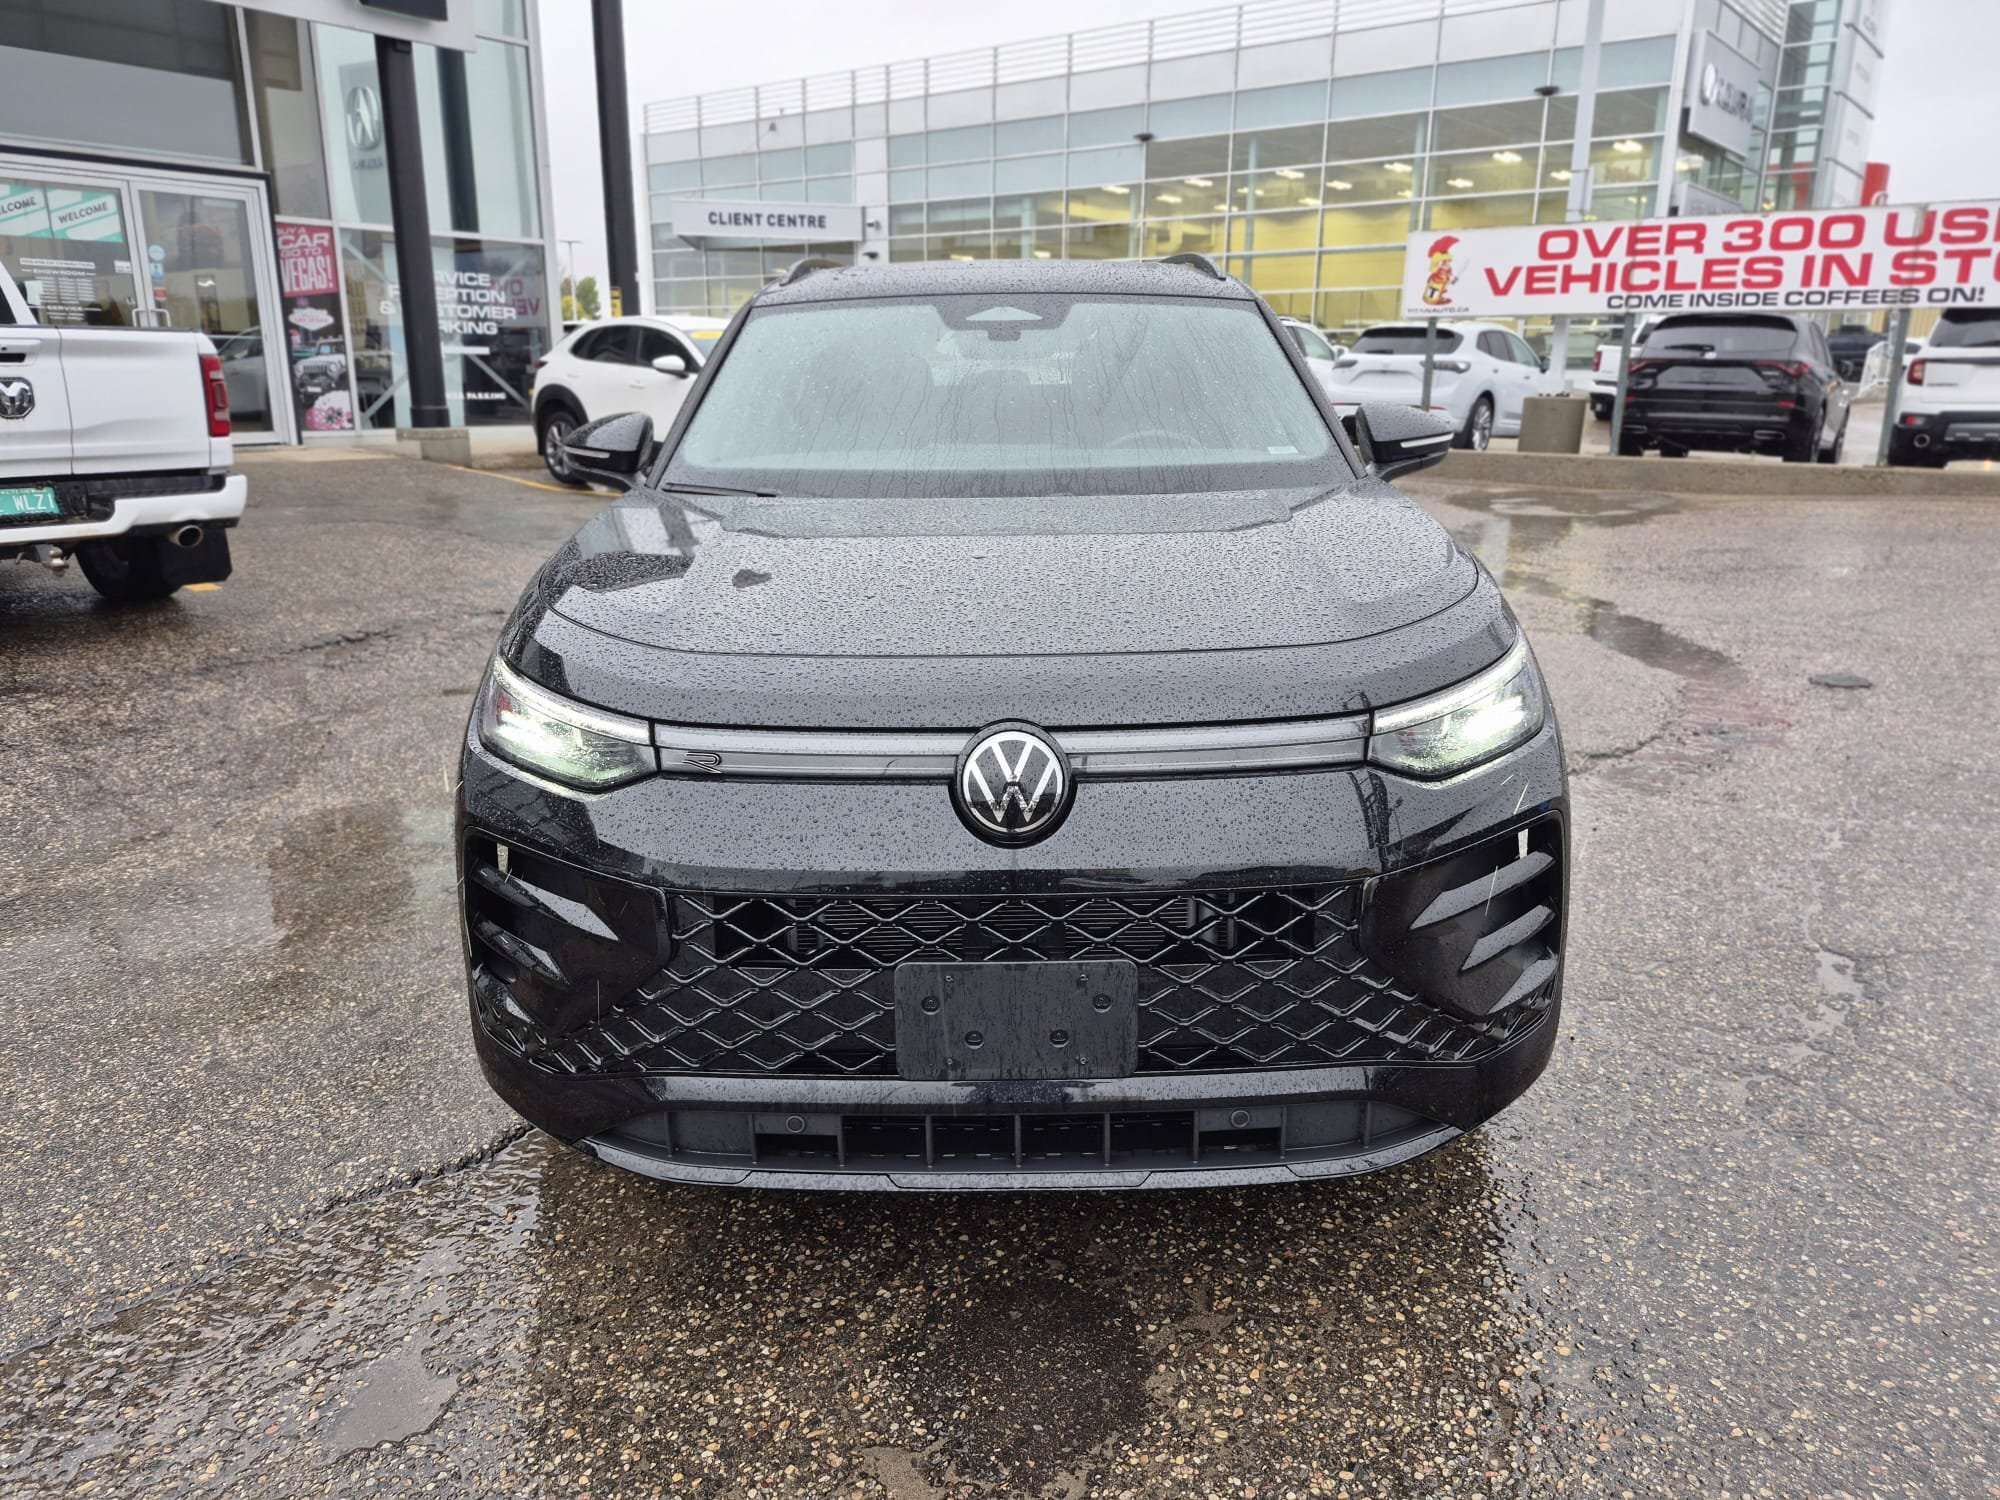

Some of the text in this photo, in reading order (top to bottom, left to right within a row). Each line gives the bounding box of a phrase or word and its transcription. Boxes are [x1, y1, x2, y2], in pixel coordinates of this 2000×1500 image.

[0, 196, 37, 216] LCOME
[57, 201, 108, 224] WELCOME
[708, 211, 827, 229] CLIENT CENTRE
[278, 232, 330, 250] CAR
[1538, 222, 1707, 261] OVER
[1722, 214, 1866, 253] 300
[280, 246, 322, 258] GO TO
[280, 254, 334, 292] VEGAS!
[434, 271, 492, 287] RVICE
[1484, 248, 2000, 296] VEHICLES IN ST
[379, 300, 397, 315] &
[1606, 287, 1986, 309] COME INSIDE COFFEES ON!
[438, 319, 498, 336] RKING
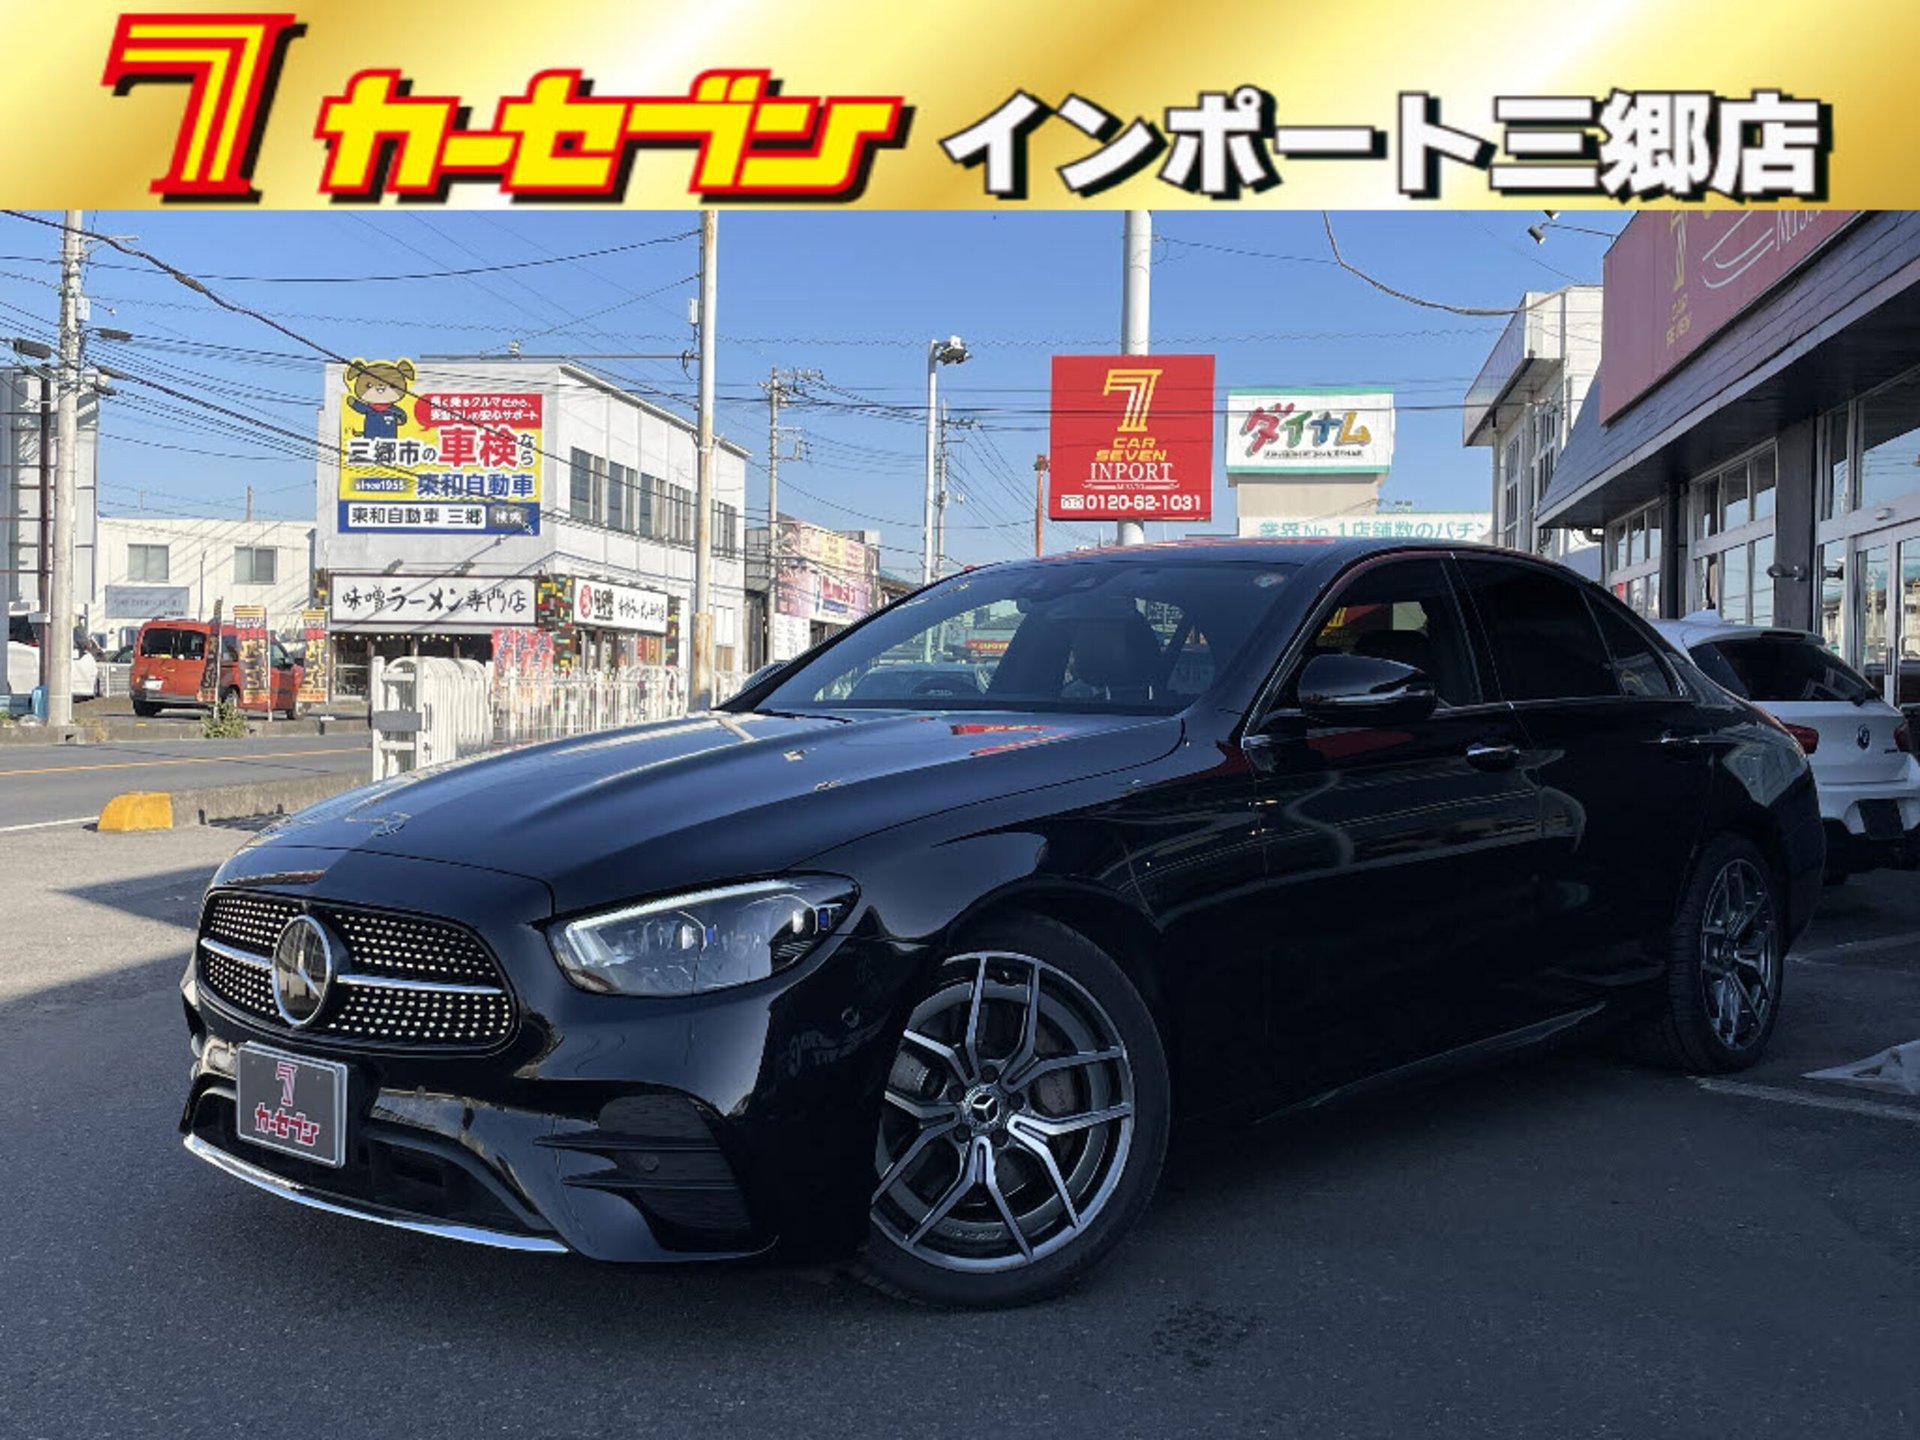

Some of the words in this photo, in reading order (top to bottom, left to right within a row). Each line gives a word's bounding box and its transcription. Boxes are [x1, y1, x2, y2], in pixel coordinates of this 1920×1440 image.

· · ·

** Task description **
The material must be restated verbatim. Its pictures must be omitted.

** Answer box **
Some of the text in this photo, in reading order (top to bottom, left to right within a row). Each line gives the bounding box of a phrase or word and its transcription. Boxes are [x1, y1, x2, y2], in pixel coordinates of this 2000×1500 image.

[0, 196, 37, 216] LCOME
[57, 201, 108, 224] WELCOME
[708, 211, 827, 229] CLIENT CENTRE
[278, 232, 330, 250] CAR
[1538, 222, 1707, 261] OVER
[1722, 214, 1866, 253] 300
[280, 246, 322, 258] GO TO
[280, 254, 334, 292] VEGAS!
[434, 271, 492, 287] RVICE
[1484, 248, 2000, 296] VEHICLES IN ST
[379, 300, 397, 315] &
[1606, 287, 1986, 309] COME INSIDE COFFEES ON!
[438, 319, 498, 336] RKING

Some of the words in this photo, in reading order (top to bottom, left to right within a row). Each line gives a word's bounding box and its transcription. Boxes are [x1, y1, x2, y2], in pixel coordinates of this 1920×1440 image.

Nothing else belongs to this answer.